=== YOUR INSTRUCTIONS ===
Could you retype all of the entries exactly, without their pictures?

(Spatial localization data)
****
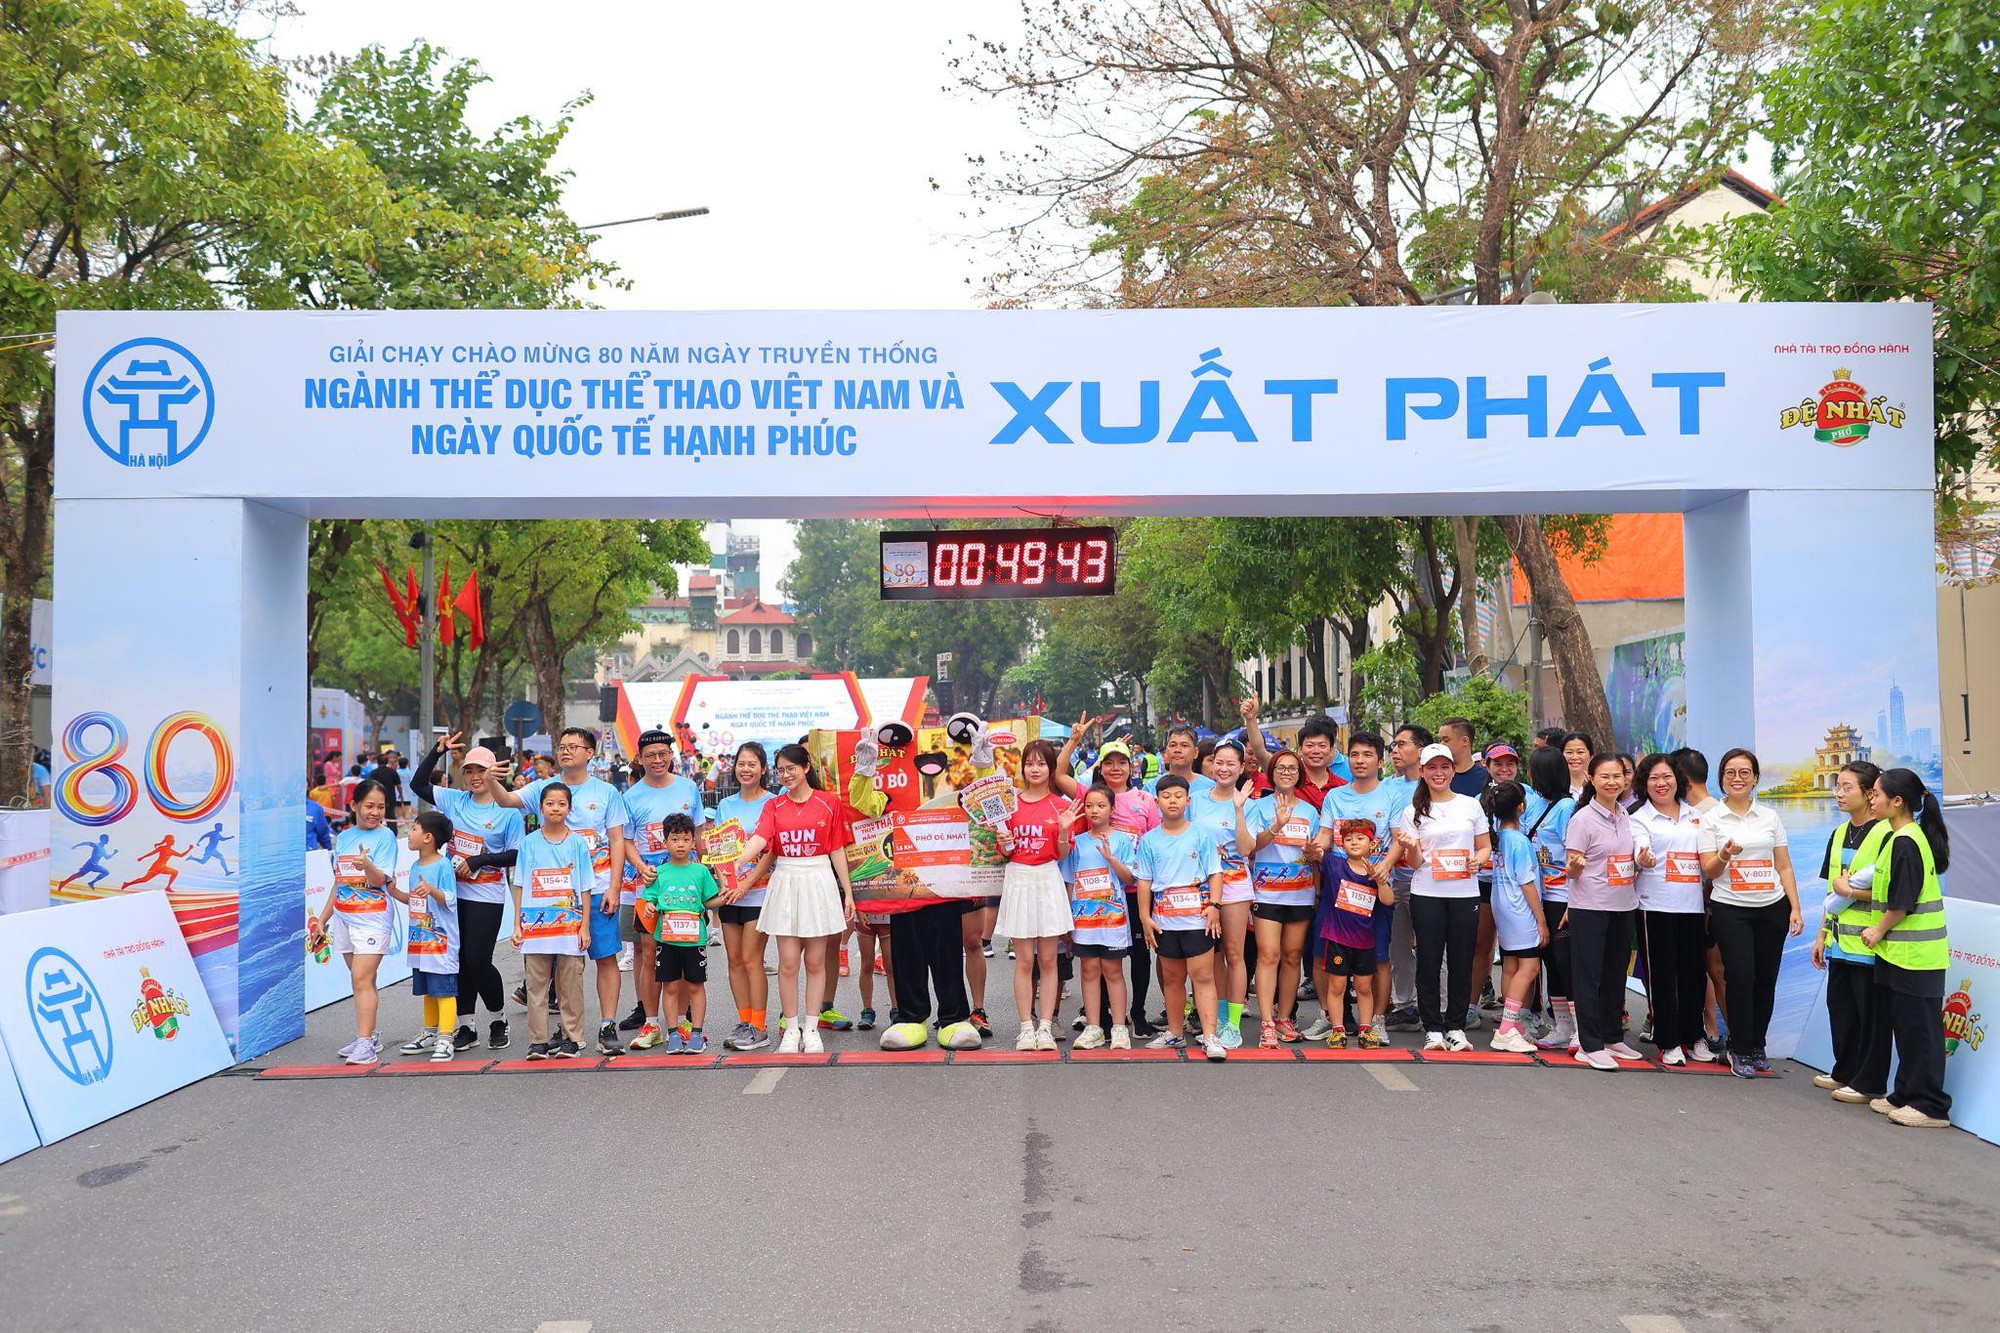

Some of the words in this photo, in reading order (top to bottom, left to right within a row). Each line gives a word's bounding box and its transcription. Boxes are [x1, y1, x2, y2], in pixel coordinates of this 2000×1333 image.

[329, 339, 374, 364] GIẢI
[382, 345, 444, 367] CHẠY
[452, 342, 517, 364] CHÀO
[524, 343, 591, 364] MỪNG
[598, 347, 623, 364] 80
[631, 341, 680, 364] NĂM
[688, 342, 750, 364] NGÀY
[759, 339, 851, 364] TRUYỀN
[858, 340, 938, 364] THỐNG
[1774, 343, 1797, 354] NHÀ
[1800, 343, 1817, 354] TÀI
[1820, 344, 1841, 356] TRỢ
[1844, 341, 1876, 354] ĐỒNG
[1879, 343, 1909, 354] HÀNH
[304, 371, 420, 410] NGÀNH
[430, 370, 500, 410] THỂ
[505, 379, 572, 417] DỤC
[581, 370, 652, 410] THỂ
[653, 379, 742, 410] THAO
[751, 371, 823, 417] VIỆT
[834, 379, 910, 410] NAM
[919, 371, 965, 410] VÀ
[990, 347, 1338, 445] XUẤT
[1385, 356, 1727, 442] PHÁT
[1780, 397, 1818, 430] ĐỆ
[1825, 396, 1906, 429] NHẤT
[411, 416, 502, 455] NGÀY
[513, 414, 603, 459] QUỐC
[611, 414, 655, 456] TẾ
[664, 425, 756, 463] HẠNH
[768, 417, 858, 456] PHÚC
[129, 453, 146, 467] HÀ
[148, 453, 168, 469] NỘI
[54, 711, 235, 827] 80
[779, 829, 816, 844] RUN
[1286, 825, 1308, 833] 1151-2
[542, 876, 569, 884] 1154-2
[1083, 876, 1108, 885] 1108-2
[1172, 895, 1199, 903] 1134-3
[673, 921, 697, 929] 1137-3
[131, 999, 150, 1033] ĐỆ
[148, 988, 190, 1016] NHẤT
[1943, 1011, 1985, 1051] NHẤT
****
=== RESPONSE TO THE EXERCISE ===
Some of the words in this photo, in reading order (top to bottom, left to right within a row). Each line gives a word's bounding box and its transcription. Boxes are [x1, y1, x2, y2], in pixel coordinates of this 2000×1333 image.

[329, 339, 374, 364] GIẢI
[382, 345, 444, 367] CHẠY
[452, 342, 517, 364] CHÀO
[524, 343, 591, 364] MỪNG
[598, 347, 623, 364] 80
[631, 341, 680, 364] NĂM
[688, 342, 750, 364] NGÀY
[759, 339, 851, 364] TRUYỀN
[858, 340, 938, 364] THỐNG
[1774, 343, 1797, 354] NHÀ
[1800, 343, 1817, 354] TÀI
[1820, 344, 1841, 356] TRỢ
[1844, 341, 1876, 354] ĐỒNG
[1879, 343, 1909, 354] HÀNH
[304, 371, 420, 410] NGÀNH
[430, 370, 500, 410] THỂ
[505, 379, 572, 417] DỤC
[581, 370, 652, 410] THỂ
[653, 379, 742, 410] THAO
[751, 371, 823, 417] VIỆT
[834, 379, 910, 410] NAM
[919, 371, 965, 410] VÀ
[990, 347, 1338, 445] XUẤT
[1385, 356, 1727, 442] PHÁT
[1780, 397, 1818, 430] ĐỆ
[1825, 396, 1906, 429] NHẤT
[411, 416, 502, 455] NGÀY
[513, 414, 603, 459] QUỐC
[611, 414, 655, 456] TẾ
[664, 425, 756, 463] HẠNH
[768, 417, 858, 456] PHÚC
[129, 453, 146, 467] HÀ
[148, 453, 168, 469] NỘI
[54, 711, 235, 827] 80
[779, 829, 816, 844] RUN
[1286, 825, 1308, 833] 1151-2
[542, 876, 569, 884] 1154-2
[1083, 876, 1108, 885] 1108-2
[1172, 895, 1199, 903] 1134-3
[673, 921, 697, 929] 1137-3
[131, 999, 150, 1033] ĐỆ
[148, 988, 190, 1016] NHẤT
[1943, 1011, 1985, 1051] NHẤT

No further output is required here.